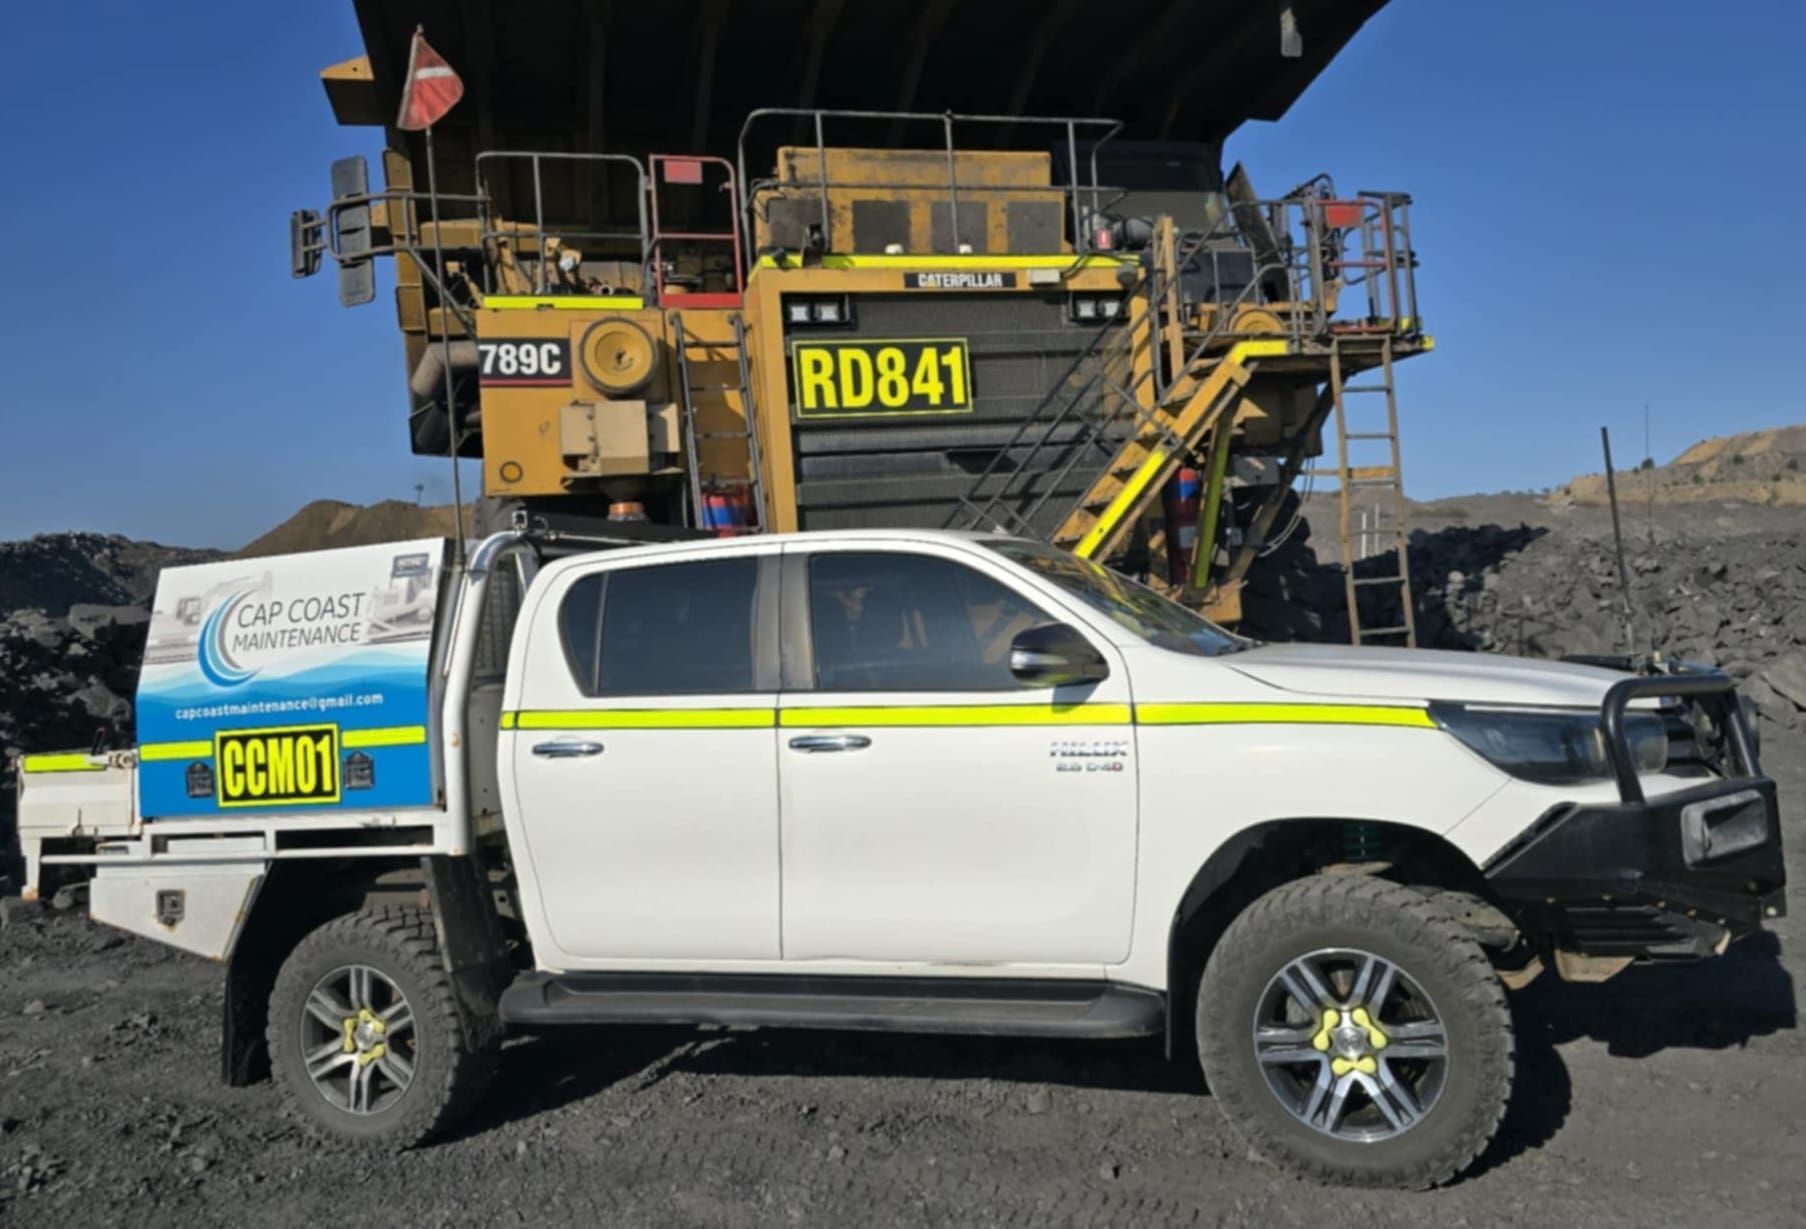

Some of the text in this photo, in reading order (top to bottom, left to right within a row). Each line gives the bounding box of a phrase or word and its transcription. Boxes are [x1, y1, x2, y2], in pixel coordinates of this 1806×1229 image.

[918, 273, 1003, 288] CATERPILLAR
[477, 343, 562, 375] 789C
[800, 346, 966, 409] RD841
[238, 592, 366, 628] CAP COAST
[232, 622, 362, 653] MAINTENANCE
[175, 692, 384, 720] capcoastmaintenance@gmail.com
[1050, 741, 1128, 757] HILUX
[223, 735, 333, 797] CCM01
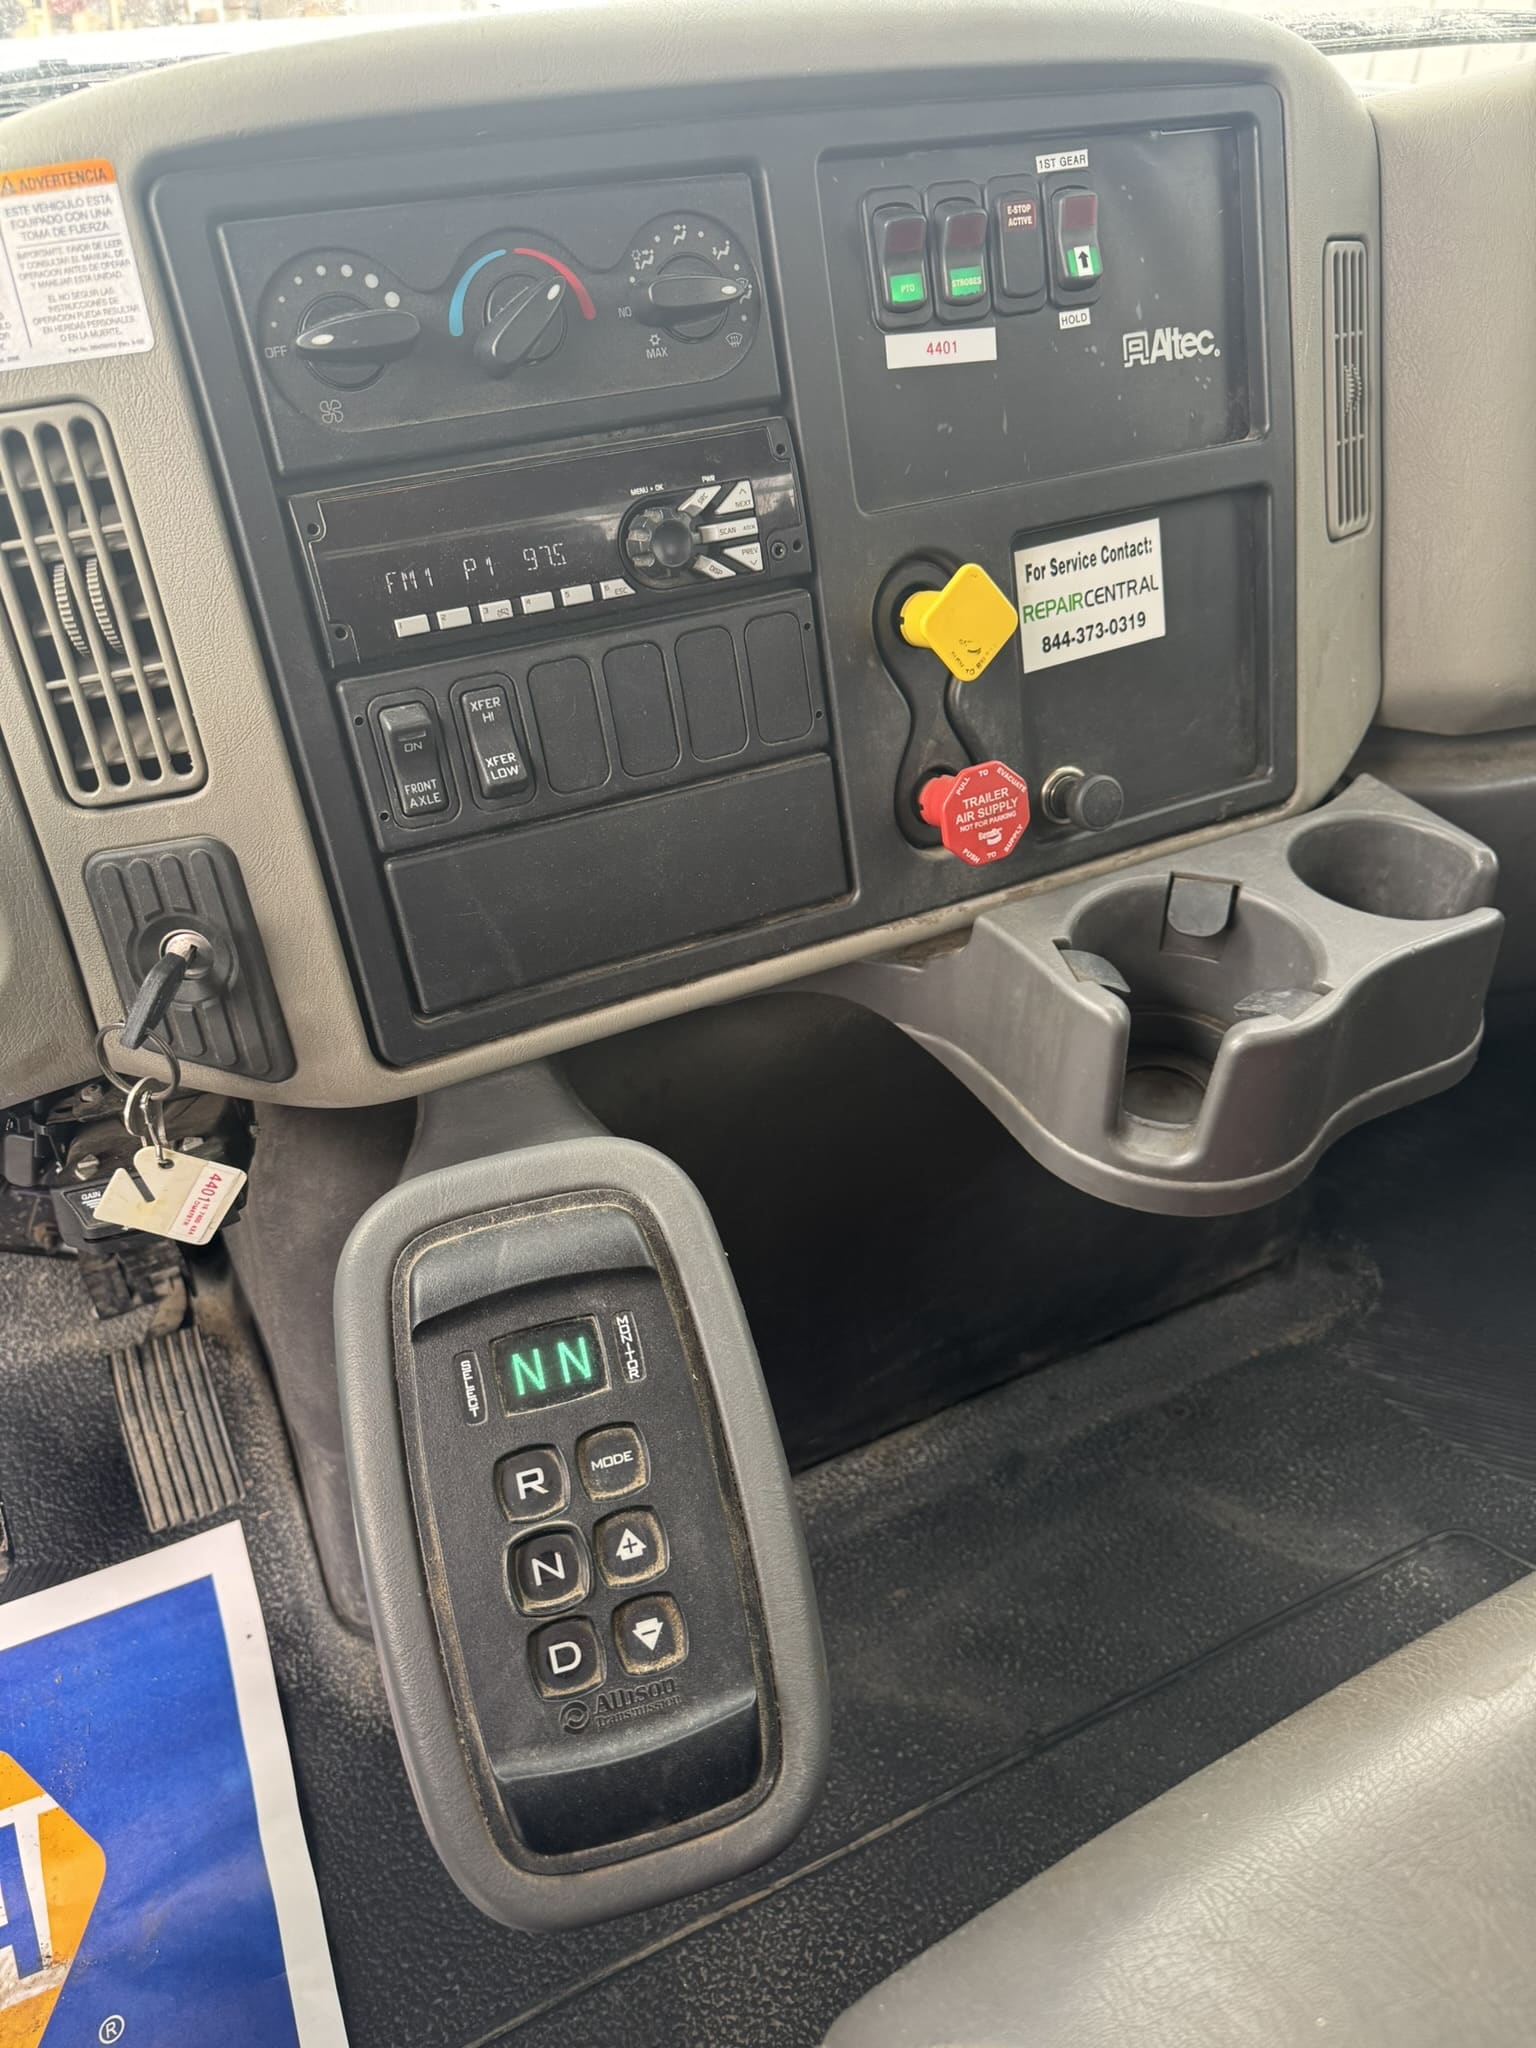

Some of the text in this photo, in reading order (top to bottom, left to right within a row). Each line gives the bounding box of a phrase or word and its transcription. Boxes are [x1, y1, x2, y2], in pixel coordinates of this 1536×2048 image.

[1038, 154, 1087, 170] 1ST GEAR
[20, 167, 107, 193] ADVERTENCIA
[5, 205, 31, 218] ESTE
[32, 198, 84, 214] VEHICULO
[1007, 204, 1032, 216] E-STOP
[10, 207, 113, 231] EQUIPADO CON UNA
[1007, 215, 1033, 227] ACTIVE
[22, 220, 110, 241] TOMA DE FUERZA
[900, 283, 916, 294] PTO
[951, 275, 982, 289] STROBES
[1061, 314, 1087, 327] HOLD
[264, 345, 288, 359] OFF
[646, 346, 669, 360] MAX
[926, 341, 958, 356] 4401
[630, 486, 649, 496] MENU
[735, 499, 752, 509] NEXT
[719, 526, 737, 536] SCAN
[741, 548, 759, 557] PREV
[1025, 536, 1153, 584] For Service Contact:
[384, 567, 434, 595] FM1
[462, 556, 495, 581] P1
[614, 586, 628, 595] ESC
[1041, 611, 1146, 654] 844-373-0319
[469, 696, 501, 713] XFER
[482, 711, 495, 724] HI
[403, 741, 424, 753] ON
[484, 752, 517, 768] XFER
[490, 764, 521, 781] LOW
[955, 766, 1028, 796] PULL TO EVACUATE
[404, 778, 437, 795] FRONT
[409, 791, 442, 809] AXLE
[962, 786, 1010, 810] TRAILER
[955, 796, 1019, 825] AIR SUPPLY
[959, 810, 1017, 833] NOT FOR PARKING
[962, 823, 1024, 864] PUSH TO SUPPLY
[81, 1190, 102, 1201] GAIN
[198, 1173, 223, 1203] 4401
[616, 1315, 640, 1380] MONITOR
[460, 1359, 479, 1418] SELECT
[590, 1450, 634, 1471] MODE
[515, 1467, 549, 1500] R
[531, 1551, 566, 1586] N
[548, 1641, 582, 1674] D
[592, 1677, 677, 1714] Allison
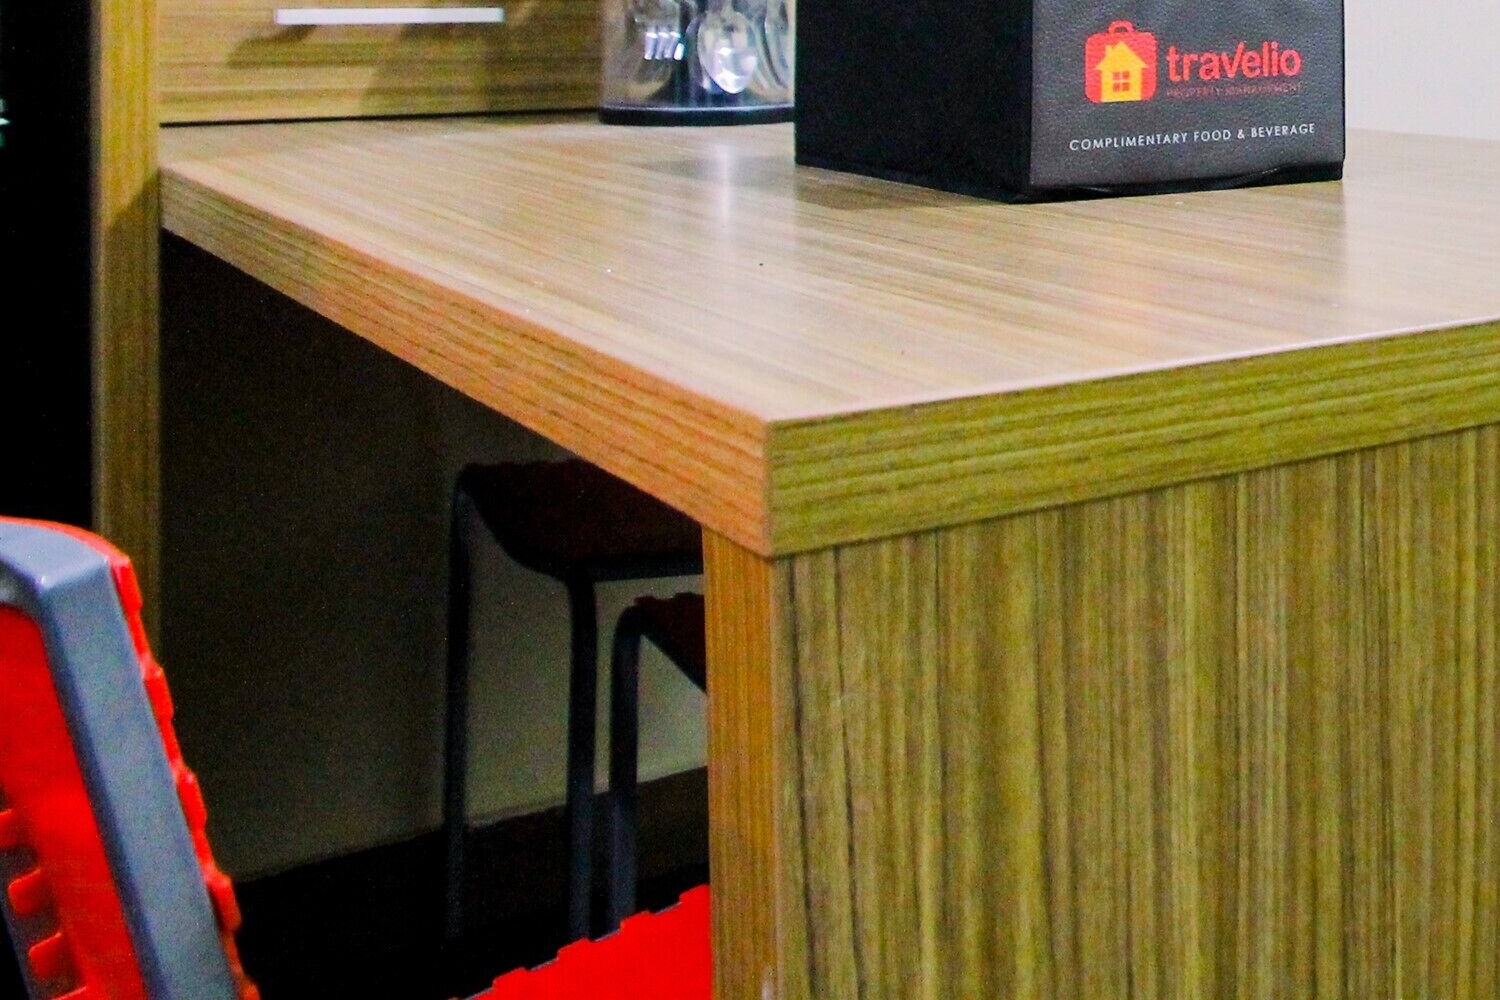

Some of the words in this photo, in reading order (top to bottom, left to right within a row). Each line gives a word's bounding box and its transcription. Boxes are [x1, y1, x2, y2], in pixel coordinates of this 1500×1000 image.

[1166, 40, 1302, 82] travelio
[1069, 131, 1188, 151] COMPLIMENTARY
[1193, 129, 1232, 142] FOOD
[1237, 128, 1246, 139] &
[1251, 123, 1316, 138] BEVERAGE

**WHAT THE EXERCISE ASKS**: Copy the entries above verbatim. Pictures do not belong in the copy.

**ANSWER SECTION**:
Some of the text in this photo, in reading order (top to bottom, left to right within a row). Each line gives the bounding box of a phrase or word and its transcription. Boxes are [x1, y1, x2, y2], in pixel coordinates of this 1806×1229 image.

[918, 273, 1003, 288] CATERPILLAR
[477, 343, 562, 375] 789C
[800, 346, 966, 409] RD841
[238, 592, 366, 628] CAP COAST
[232, 622, 362, 653] MAINTENANCE
[175, 692, 384, 720] capcoastmaintenance@gmail.com
[1050, 741, 1128, 757] HILUX
[223, 735, 333, 797] CCM01

Some of the text in this photo, in reading order (top to bottom, left to right within a row). Each line gives the bounding box of a phrase or word and its transcription. Boxes are [x1, y1, x2, y2], in pixel coordinates of this 1536×2048 image.

[1038, 154, 1087, 170] 1ST GEAR
[20, 167, 107, 193] ADVERTENCIA
[5, 205, 31, 218] ESTE
[32, 198, 84, 214] VEHICULO
[1007, 204, 1032, 216] E-STOP
[10, 207, 113, 231] EQUIPADO CON UNA
[1007, 215, 1033, 227] ACTIVE
[22, 220, 110, 241] TOMA DE FUERZA
[900, 283, 916, 294] PTO
[951, 275, 982, 289] STROBES
[1061, 314, 1087, 327] HOLD
[264, 345, 288, 359] OFF
[646, 346, 669, 360] MAX
[926, 341, 958, 356] 4401
[630, 486, 649, 496] MENU
[735, 499, 752, 509] NEXT
[719, 526, 737, 536] SCAN
[741, 548, 759, 557] PREV
[1025, 536, 1153, 584] For Service Contact:
[384, 567, 434, 595] FM1
[462, 556, 495, 581] P1
[614, 586, 628, 595] ESC
[1041, 611, 1146, 654] 844-373-0319
[469, 696, 501, 713] XFER
[482, 711, 495, 724] HI
[403, 741, 424, 753] ON
[484, 752, 517, 768] XFER
[490, 764, 521, 781] LOW
[955, 766, 1028, 796] PULL TO EVACUATE
[404, 778, 437, 795] FRONT
[409, 791, 442, 809] AXLE
[962, 786, 1010, 810] TRAILER
[955, 796, 1019, 825] AIR SUPPLY
[959, 810, 1017, 833] NOT FOR PARKING
[962, 823, 1024, 864] PUSH TO SUPPLY
[81, 1190, 102, 1201] GAIN
[198, 1173, 223, 1203] 4401
[616, 1315, 640, 1380] MONITOR
[460, 1359, 479, 1418] SELECT
[590, 1450, 634, 1471] MODE
[515, 1467, 549, 1500] R
[531, 1551, 566, 1586] N
[548, 1641, 582, 1674] D
[592, 1677, 677, 1714] Allison

Some of the words in this photo, in reading order (top to bottom, left to right within a row). Each line gives a word's bounding box and its transcription. Boxes are [x1, y1, x2, y2], in pixel coordinates of this 1500×1000 image.

[1166, 40, 1302, 82] travelio
[1069, 131, 1188, 151] COMPLIMENTARY
[1193, 129, 1232, 142] FOOD
[1237, 128, 1246, 139] &
[1251, 123, 1316, 138] BEVERAGE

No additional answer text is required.